Housing Market Trends: What’s In and What’s Out in 2023

Despite fears of a property market crash in 2023, the market remains relatively OK. A recent report by Strutt & Parker suggested that the worst of the anticipated declines in the housing market may already be behind us. The information maintains its previous house price forecasts, predicting growth between -5% and 0% for the UK, and -3% to 3% for prime central London in 2023.

While signs point towards continued resilience in the second quarter of 2023, estate agents must be prepared to face a new reality. Homes may take longer to sell, offers may be lower, vendor expectations must be managed, and fall-throughs may increase. Consequently, if they are lucky, estate agents will have to work more for the same income.

The property market presents a mixed picture, with some markets experiencing increased stability and certainty, which could encourage transactions through the second quarter of the year. Here are some of the trends we can expect to see in Q2 2023:

Buy to let: Sales to landlords will likely decrease, and many ‘mom and pop’ owners may leave the market.

Demand for properties closer to stations: The return to commuting has increased demand for railway and well-connected properties, mainly flats. City centres have also seen a mini-resurgence.

Off-grid heating: The pressure on oil prices has eased, but they are expected to rise again. Off-grid heating is becoming less popular, deterring some buyers.

The space race is over: Country and seaside properties are returning to the market, as staycations are not as popular as they used to be. Rental rates have dropped, and some councils have increased the levy on second homes, making them financially unviable.

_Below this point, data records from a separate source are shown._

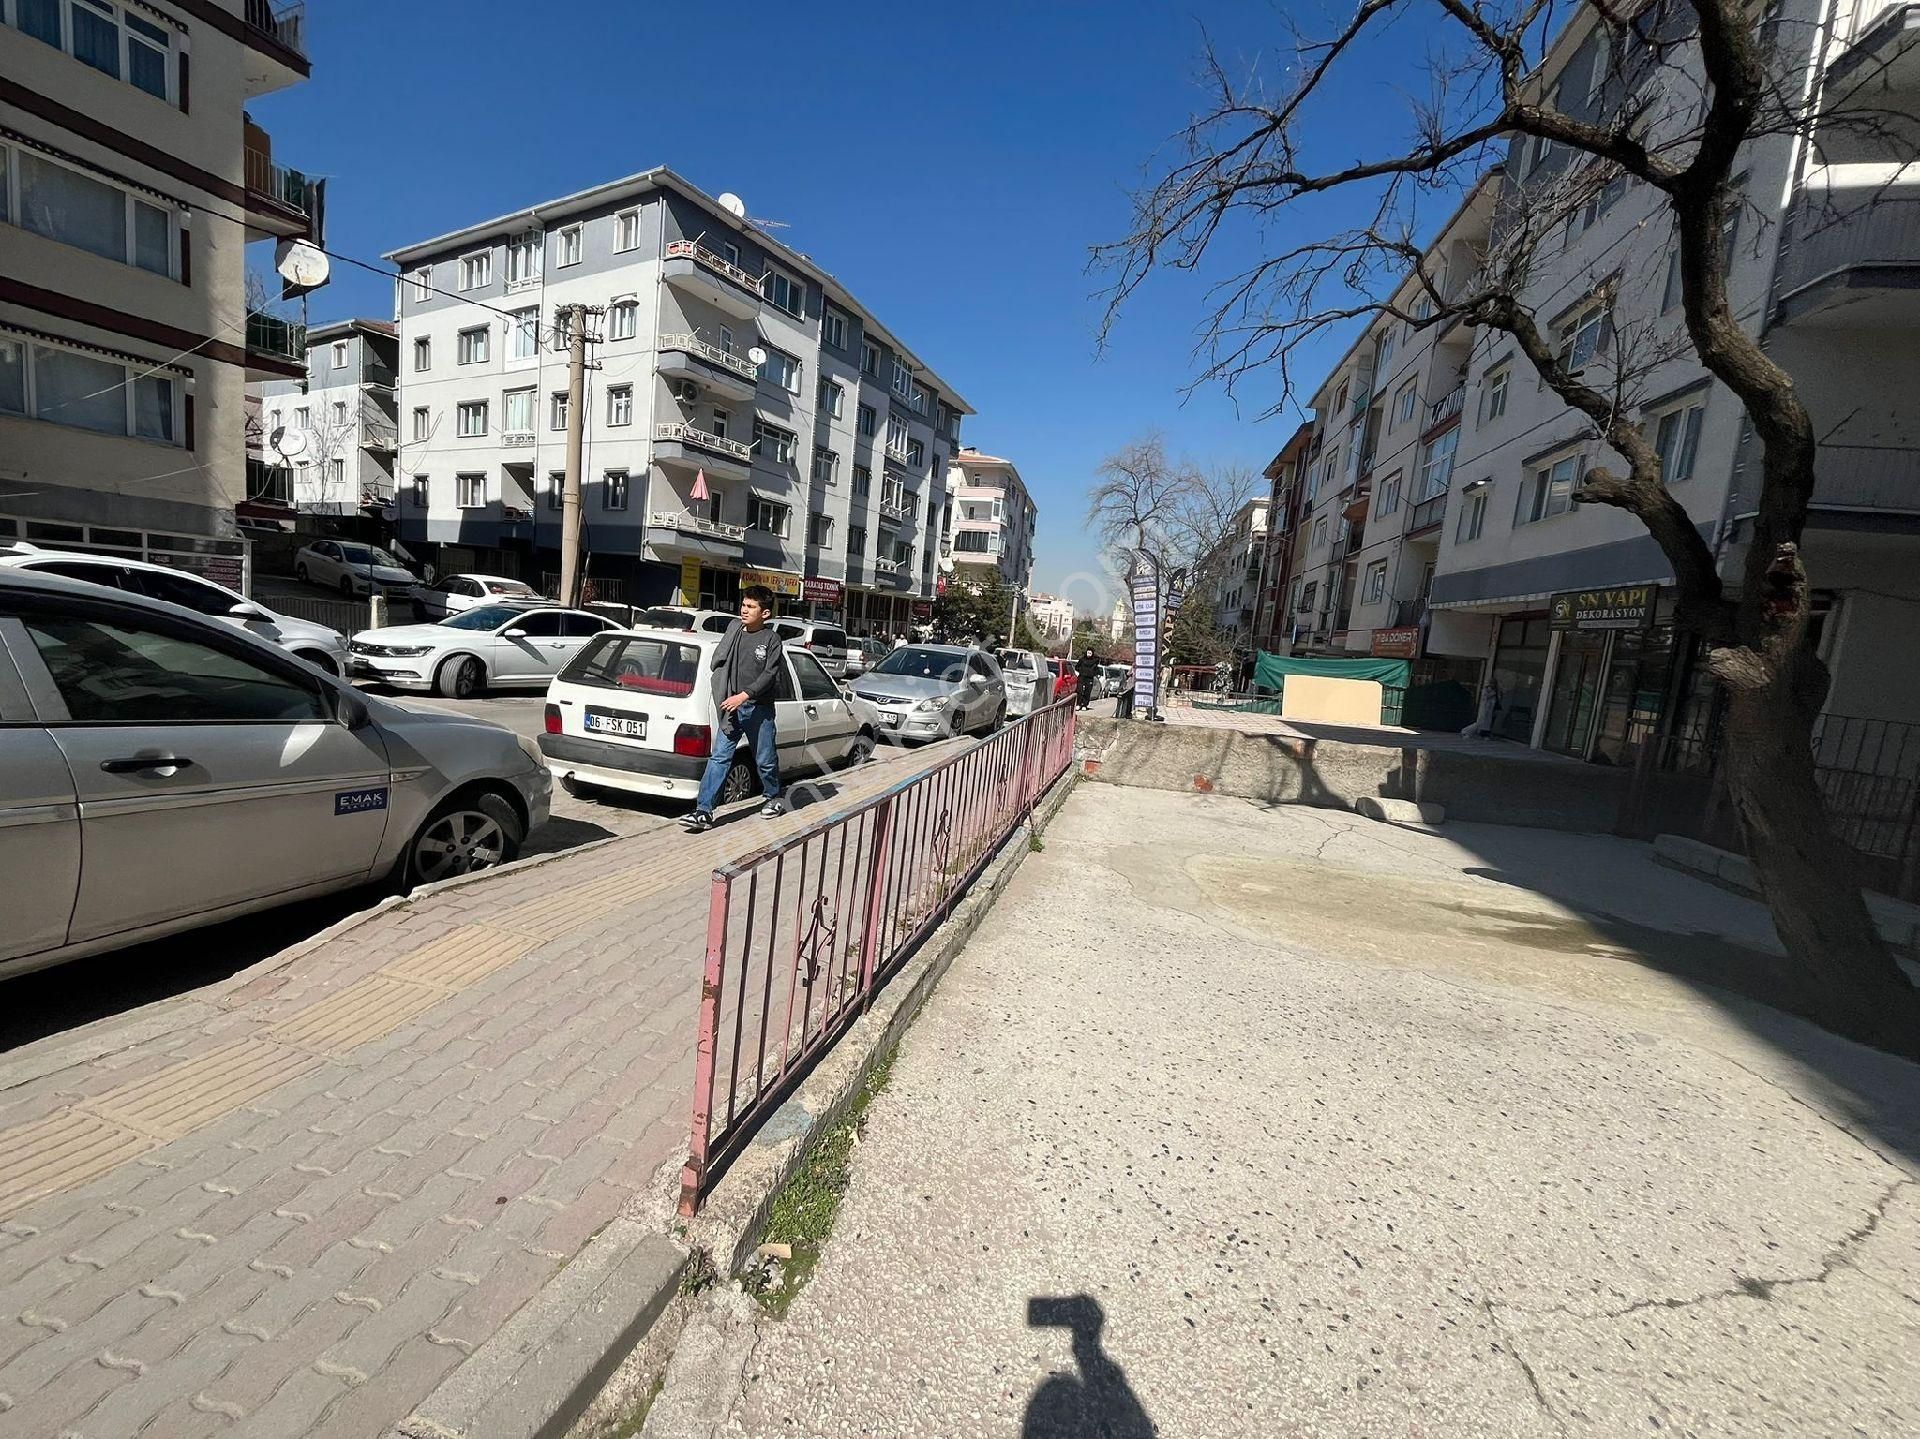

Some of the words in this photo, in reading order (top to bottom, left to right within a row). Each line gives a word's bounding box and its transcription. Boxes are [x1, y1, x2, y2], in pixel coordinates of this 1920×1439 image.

[1579, 593, 1599, 607] SN
[1604, 588, 1648, 607] YAPI
[1576, 608, 1646, 619] DEKORASYON
[590, 715, 601, 728] 06
[626, 721, 643, 735] 051
[340, 793, 382, 805] EMAK

Less demand for home gym and office space: As many public areas have reopened, demand for home gyms and offices has decreased. Garden bars and hot tubs are also becoming less attractive.

EPC rating matters more: Buyers pay closer attention to EPC ratings, which can save money year after year, making them willing to pay more for a good rating.

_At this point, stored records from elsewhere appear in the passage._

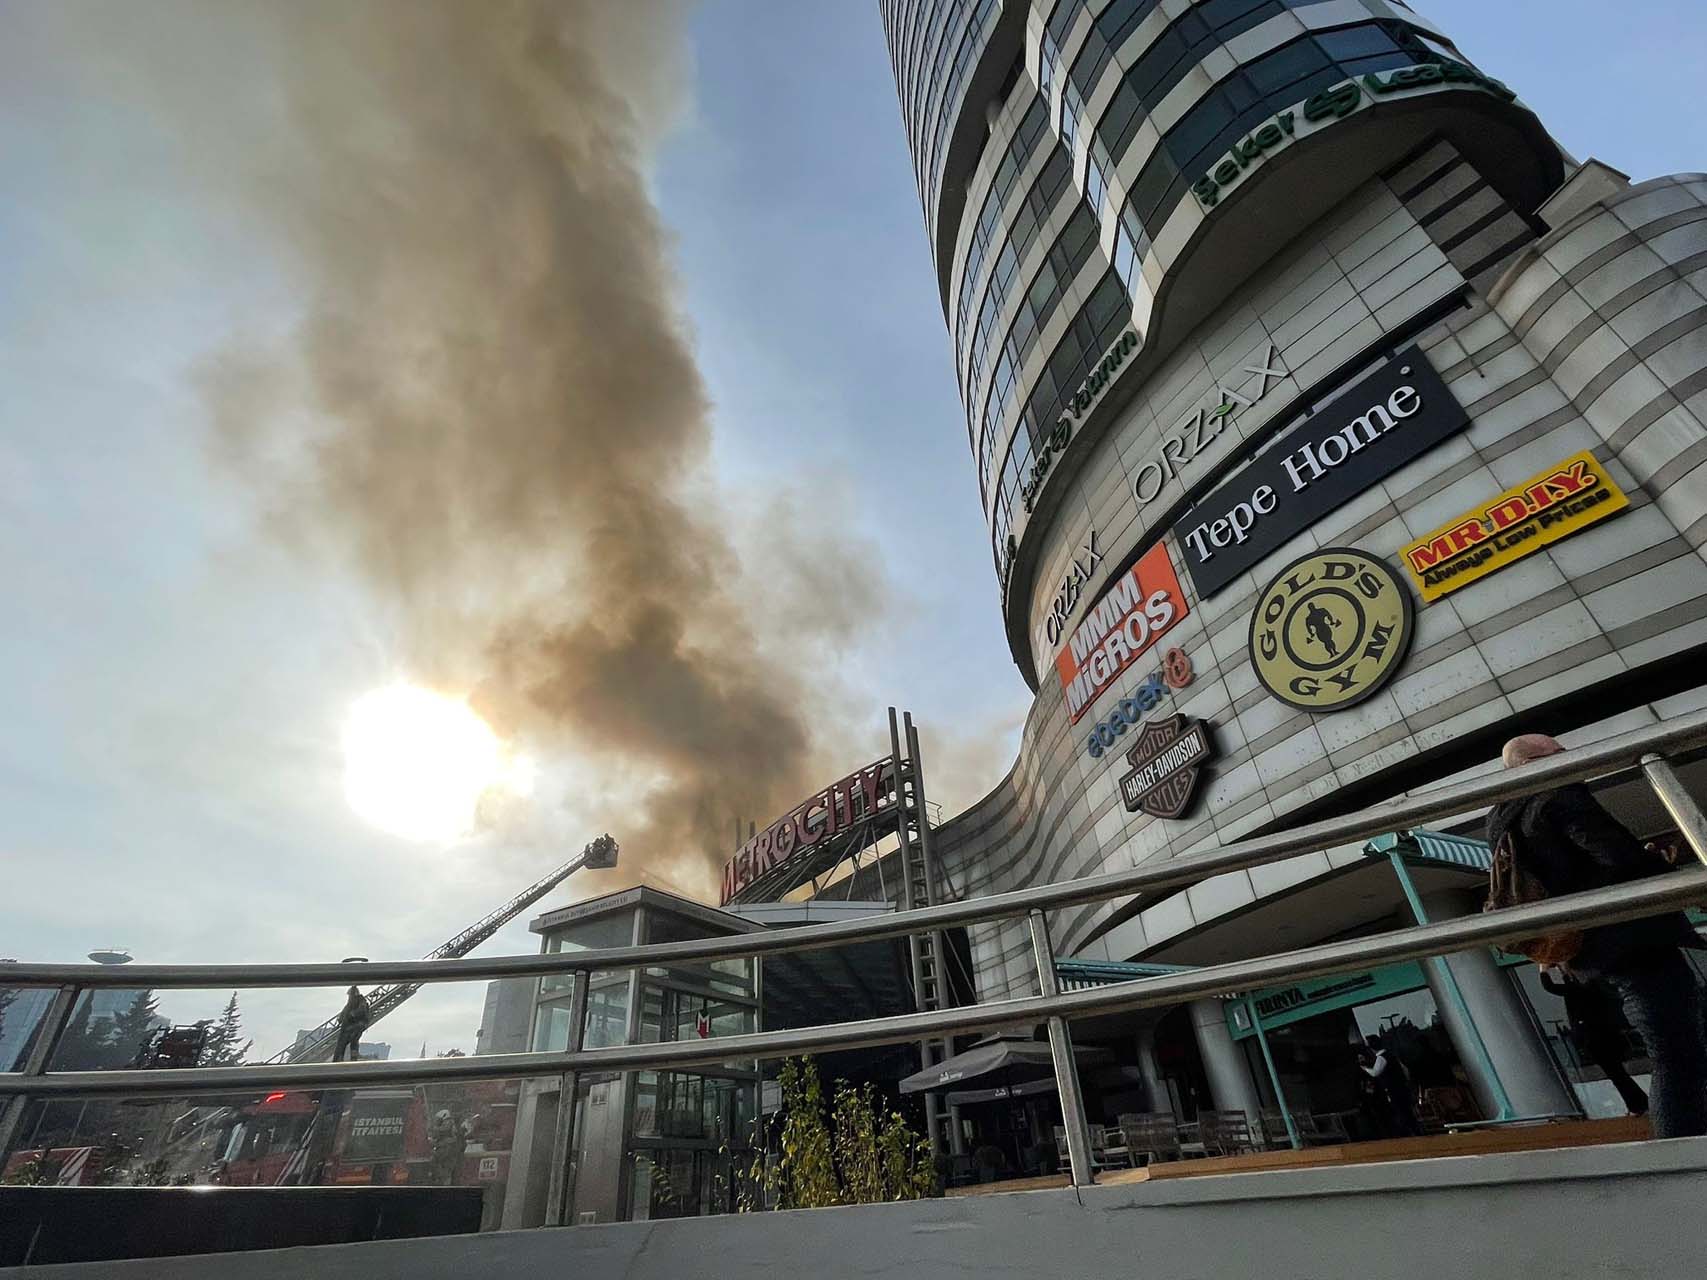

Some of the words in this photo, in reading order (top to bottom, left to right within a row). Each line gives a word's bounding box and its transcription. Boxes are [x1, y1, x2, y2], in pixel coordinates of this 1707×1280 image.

[1134, 345, 1289, 505] ORZAX
[1184, 484, 1277, 563] Tepe
[1280, 385, 1421, 492] Home
[1424, 547, 1494, 588] Always
[1493, 523, 1537, 553] Low
[1540, 487, 1611, 530] Prices
[1047, 530, 1103, 647] ORZAX
[1068, 569, 1143, 666] MMM
[1259, 561, 1385, 661] GOLD'S
[1288, 619, 1396, 697] GYM
[1088, 671, 1171, 758] ebebek
[1136, 726, 1176, 764] MOTOR
[1125, 731, 1201, 800] HARLEY-DAVIDSON
[1149, 771, 1189, 811] CYCLES
[720, 763, 884, 907] METROCITY
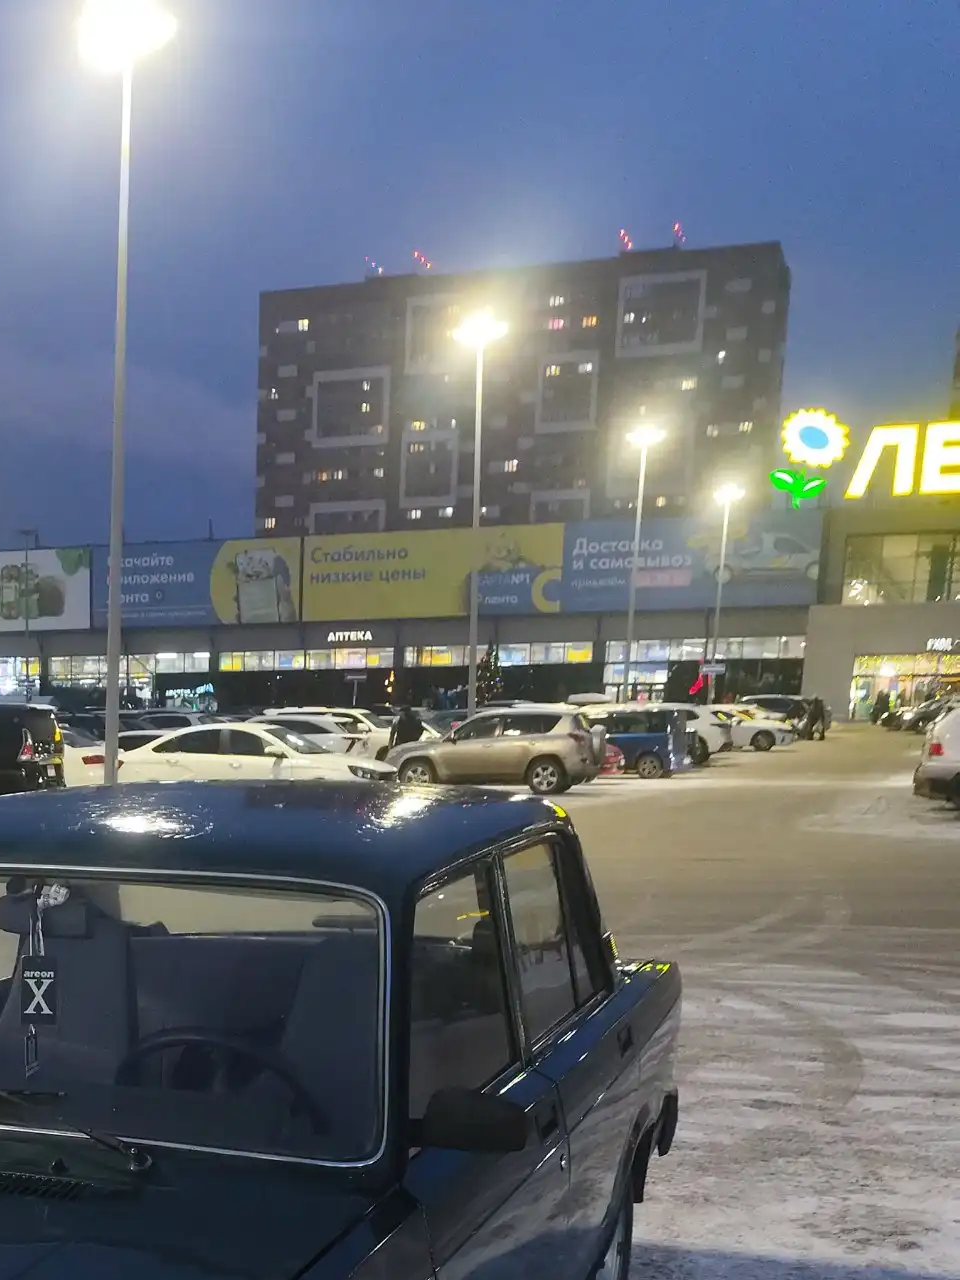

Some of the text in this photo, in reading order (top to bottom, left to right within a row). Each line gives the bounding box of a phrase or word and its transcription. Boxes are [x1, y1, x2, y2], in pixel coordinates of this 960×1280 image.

[844, 421, 960, 499] ЛЕ
[310, 544, 408, 564] Стабильно
[309, 567, 426, 584] низкие цены
[327, 630, 373, 643] АПТЕКА
[24, 970, 55, 978] areon
[23, 978, 54, 1015] X

Cladding: There has been a gradual softening in the avoidance of buying properties in larger blocks with potential cladding issues. With solutions on the table, buyers are once again looking at them.

Fewer new builds: With the Help2Buy scheme closing and builders slowing construction, developers will build fewer houses they cannot sell, and many non-prime sites will be mothballed.

Less tolerance for defects: Minor defects previously ignored are no longer acceptable. Surveyors scrutinise properties more closely, suggesting additional reports to investigate issues and down-valuing when in doubt.

Mortgages will remain less affordable than they were, and this will likely be around for a while. However, keen sellers taking lower offers will bridge the gap, and many people still intend to buy regardless.

Estate agents may shut down: Poorly performing branches will close, and estate agents unwilling to work harder to make a sale may find themselves out of a job. Many agents close to retirement will retire, and others will leave the sector.

The Bank of Mum and Dad to tighten lending: Parents may be less inclined to lend a deposit to their offspring when they see the value of property dropping. Those looking to use equity release or a new mortgage to fund their kids will be put off by higher rates and tighter lending criteria.